The feast of the Visitation usually falls on the 31st of May. It celebrates the lovely moment in Luke’s Gospel (1:41-56) when Mary goes to visit her cousin Elizabeth, who was also, against all expectations, bearing a child, the child who would be John the Baptist. Luke tells us that the Holy Spirit came upon them, and that the babe in Elizabeth’s womb ‘leaped for joy’ when he heard Mary’s voice, and it is even as the older woman blesses the younger, that Mary gives voice to the Magnificat, the most beautiful and revolutionary hymn in the world. There is much for the modern world to ponder in this tale of God’s blessing and prophecy on and from the margins, and I have tried to tease a little of it out in this sonnet.
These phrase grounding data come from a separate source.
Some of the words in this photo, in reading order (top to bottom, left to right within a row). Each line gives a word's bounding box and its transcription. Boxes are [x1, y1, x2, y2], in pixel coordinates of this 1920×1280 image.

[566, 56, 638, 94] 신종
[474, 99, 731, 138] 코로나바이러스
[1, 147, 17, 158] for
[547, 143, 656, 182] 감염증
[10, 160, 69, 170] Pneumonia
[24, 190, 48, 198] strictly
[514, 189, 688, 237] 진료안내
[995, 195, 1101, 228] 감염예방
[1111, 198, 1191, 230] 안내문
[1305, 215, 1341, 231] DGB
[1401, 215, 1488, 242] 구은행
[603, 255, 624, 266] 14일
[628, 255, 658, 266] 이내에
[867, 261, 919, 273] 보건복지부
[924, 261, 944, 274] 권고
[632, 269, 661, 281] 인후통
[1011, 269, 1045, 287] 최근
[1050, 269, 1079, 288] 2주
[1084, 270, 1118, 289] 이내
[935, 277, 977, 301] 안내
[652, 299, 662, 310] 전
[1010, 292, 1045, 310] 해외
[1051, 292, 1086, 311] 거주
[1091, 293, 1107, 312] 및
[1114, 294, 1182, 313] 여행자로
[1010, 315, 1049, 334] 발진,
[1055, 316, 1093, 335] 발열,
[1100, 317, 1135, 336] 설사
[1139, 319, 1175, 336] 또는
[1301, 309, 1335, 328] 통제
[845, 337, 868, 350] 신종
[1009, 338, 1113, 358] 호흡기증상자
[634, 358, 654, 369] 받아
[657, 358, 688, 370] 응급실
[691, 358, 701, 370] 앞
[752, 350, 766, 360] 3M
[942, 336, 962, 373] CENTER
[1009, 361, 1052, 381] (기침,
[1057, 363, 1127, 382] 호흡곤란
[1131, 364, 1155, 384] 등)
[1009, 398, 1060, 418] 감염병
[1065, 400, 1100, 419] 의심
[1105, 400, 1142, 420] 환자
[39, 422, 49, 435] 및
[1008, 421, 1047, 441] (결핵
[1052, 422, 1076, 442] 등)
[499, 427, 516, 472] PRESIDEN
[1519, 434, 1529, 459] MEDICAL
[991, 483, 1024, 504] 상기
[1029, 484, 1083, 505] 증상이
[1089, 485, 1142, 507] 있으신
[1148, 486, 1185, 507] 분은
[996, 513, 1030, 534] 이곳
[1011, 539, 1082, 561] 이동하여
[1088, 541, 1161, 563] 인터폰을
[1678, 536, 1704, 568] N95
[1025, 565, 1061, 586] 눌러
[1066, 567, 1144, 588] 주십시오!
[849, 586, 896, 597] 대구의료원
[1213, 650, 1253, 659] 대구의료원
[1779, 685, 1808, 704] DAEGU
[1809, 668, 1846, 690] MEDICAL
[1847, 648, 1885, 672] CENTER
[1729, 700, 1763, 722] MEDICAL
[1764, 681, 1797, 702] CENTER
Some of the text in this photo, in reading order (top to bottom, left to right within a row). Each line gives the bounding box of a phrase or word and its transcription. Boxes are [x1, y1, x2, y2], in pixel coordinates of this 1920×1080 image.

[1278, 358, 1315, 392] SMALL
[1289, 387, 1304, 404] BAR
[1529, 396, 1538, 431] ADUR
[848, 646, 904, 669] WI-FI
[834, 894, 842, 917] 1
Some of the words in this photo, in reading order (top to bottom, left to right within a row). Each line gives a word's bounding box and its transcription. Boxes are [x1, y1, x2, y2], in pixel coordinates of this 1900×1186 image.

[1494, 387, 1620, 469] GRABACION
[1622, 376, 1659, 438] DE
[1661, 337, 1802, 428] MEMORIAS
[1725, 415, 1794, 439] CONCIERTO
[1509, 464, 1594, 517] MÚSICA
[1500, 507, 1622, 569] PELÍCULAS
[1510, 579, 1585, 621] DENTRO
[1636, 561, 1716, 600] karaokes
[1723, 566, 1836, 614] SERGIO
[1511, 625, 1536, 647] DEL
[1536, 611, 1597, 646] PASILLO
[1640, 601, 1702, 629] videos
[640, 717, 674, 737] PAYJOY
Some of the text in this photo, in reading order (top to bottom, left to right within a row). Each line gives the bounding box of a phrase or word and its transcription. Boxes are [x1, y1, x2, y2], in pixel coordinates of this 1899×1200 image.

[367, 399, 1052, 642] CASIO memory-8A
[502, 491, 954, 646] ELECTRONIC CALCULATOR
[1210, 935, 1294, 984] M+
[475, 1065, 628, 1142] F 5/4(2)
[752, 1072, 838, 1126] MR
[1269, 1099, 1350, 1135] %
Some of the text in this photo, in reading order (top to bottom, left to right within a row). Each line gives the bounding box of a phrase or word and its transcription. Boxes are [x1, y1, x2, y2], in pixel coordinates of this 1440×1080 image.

I am grateful again to Margot Krebs Neale for her inspiring image, and , as always you can hear the poem by clicking on the ‘play’ button or the title.

This sonnet is drawn from my collection Sounding the Seasons, published by Canterbury Press here in England. The book is now back in stock on both Amazon UK and USA . It is now also out on Kindle. Please feel free to make use of this, and my other sonnets in church services and to copy and share them. If you can mention the book from which they are taken that would be great..

The Visitation

Here is a meeting made of hidden joys

Of lightenings cloistered in a narrow place

From quiet hearts the sudden flame of praise

And in the womb the quickening kick of grace.

Two women on the very edge of things

Unnoticed and unknown to men of power

But in their flesh the hidden Spirit sings

And in their lives the buds of blessing flower.

And Mary stands with all we call ‘too young’,

Elizabeth with all called ‘past their prime’

They sing today for all the great unsung

Women who turned eternity to time

Favoured of heaven, outcast on the earth

Prophets who bring the best in us to birth.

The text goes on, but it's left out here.